__Task description__: Transcribe the data exactly. Pictures stay out.

# # # # #

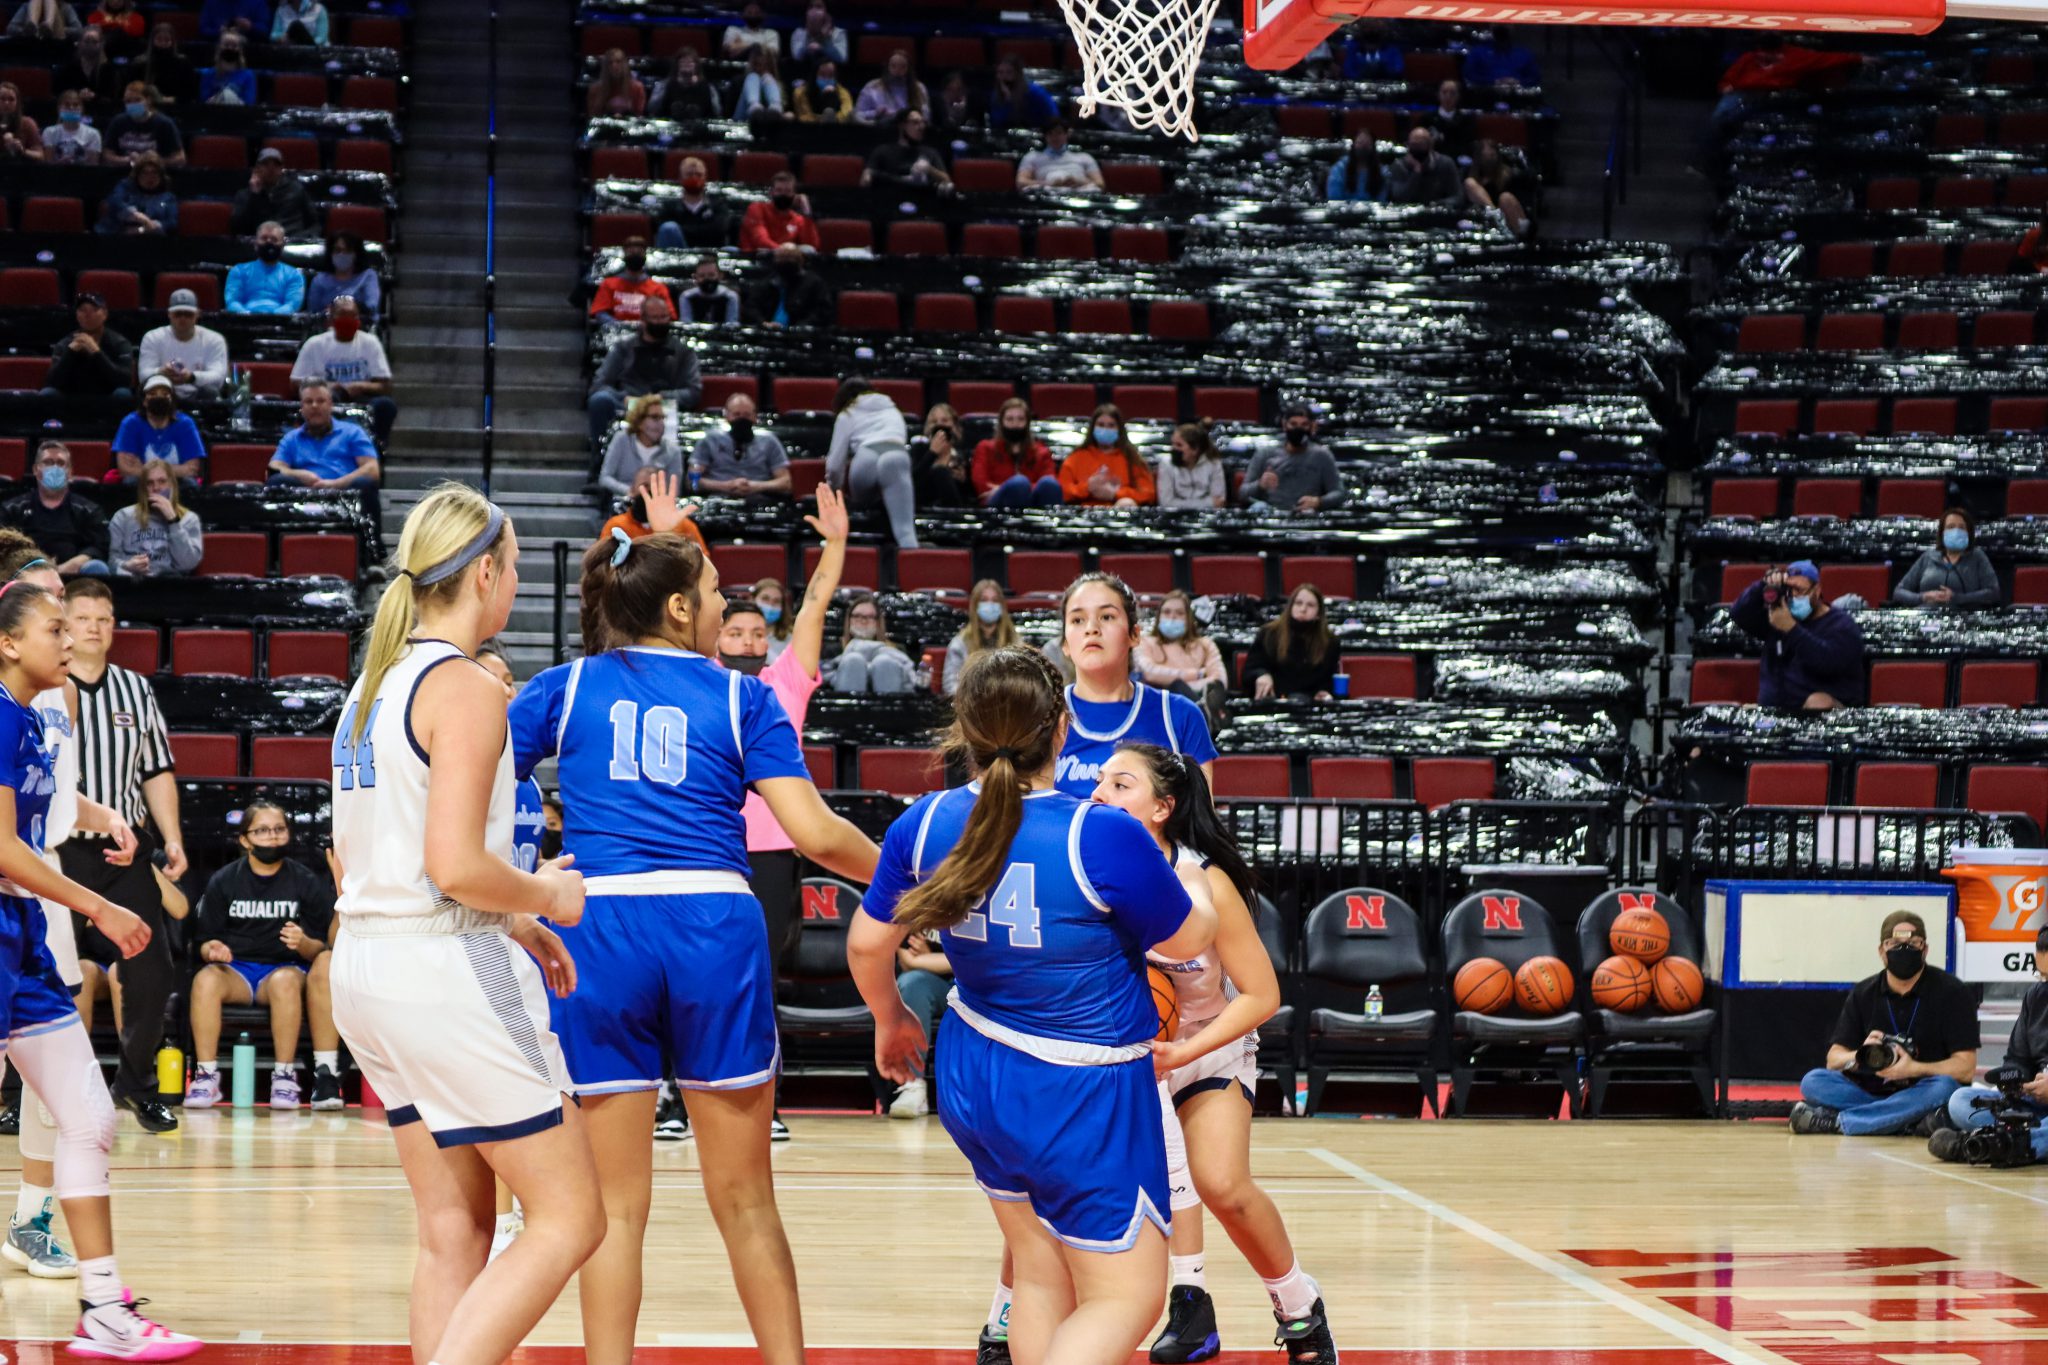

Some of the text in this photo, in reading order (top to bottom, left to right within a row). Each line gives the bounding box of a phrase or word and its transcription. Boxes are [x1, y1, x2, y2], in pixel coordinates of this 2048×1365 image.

[609, 699, 688, 787] 10
[801, 885, 841, 920] N
[1346, 895, 1388, 930] N
[2014, 880, 2038, 911] G
[1482, 896, 1524, 931] N

# # # # #

__Task response__:
Some of the text in this photo, in reading order (top to bottom, left to right within a row). Each line gives the bounding box of a phrase or word and its transcription. Boxes are [x1, y1, x2, y2], in pixel coordinates of this 2048×1365 image.

[609, 699, 688, 787] 10
[801, 885, 841, 920] N
[1346, 895, 1388, 930] N
[2014, 880, 2038, 911] G
[1482, 896, 1524, 931] N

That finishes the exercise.